**Data for this exercise:**
##########
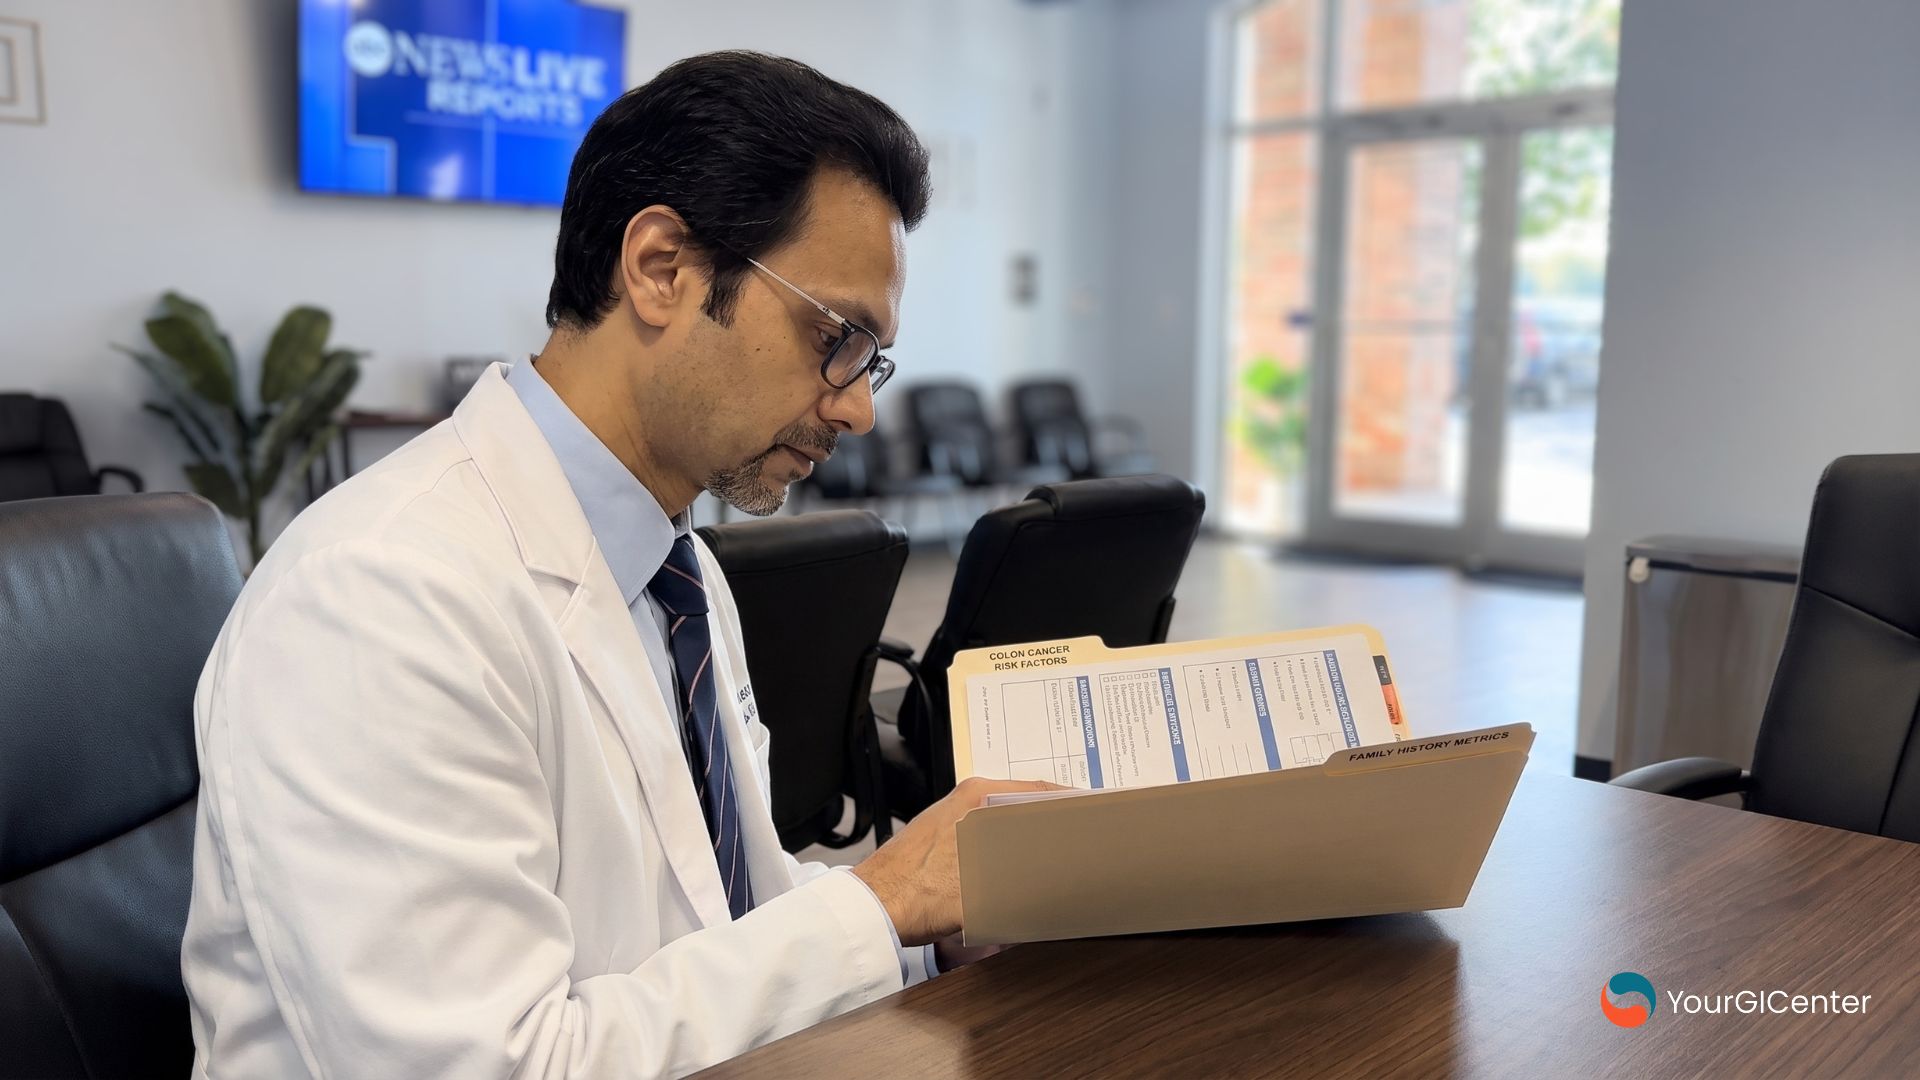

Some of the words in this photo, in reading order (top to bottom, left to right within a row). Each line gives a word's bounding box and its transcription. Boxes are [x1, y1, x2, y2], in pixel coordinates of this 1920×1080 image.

[394, 31, 513, 81] NEWS
[514, 49, 606, 98] LIVE
[426, 80, 583, 125] REPORTS
[989, 650, 1025, 661] COLON
[1027, 645, 1070, 657] CANCER
[994, 661, 1018, 671] RISK
[1020, 656, 1068, 668] FACTORS
[1349, 749, 1394, 762] FAMILY
[1397, 740, 1451, 755] HISTORY
[1453, 731, 1510, 746] METRICS
##########
**What this task involves:** Print every line of the listing exactly, please, and leave the images out.

**Task result:**
Some of the words in this photo, in reading order (top to bottom, left to right within a row). Each line gives a word's bounding box and its transcription. Boxes are [x1, y1, x2, y2], in pixel coordinates of this 1920×1080 image.

[394, 31, 513, 81] NEWS
[514, 49, 606, 98] LIVE
[426, 80, 583, 125] REPORTS
[989, 650, 1025, 661] COLON
[1027, 645, 1070, 657] CANCER
[994, 661, 1018, 671] RISK
[1020, 656, 1068, 668] FACTORS
[1349, 749, 1394, 762] FAMILY
[1397, 740, 1451, 755] HISTORY
[1453, 731, 1510, 746] METRICS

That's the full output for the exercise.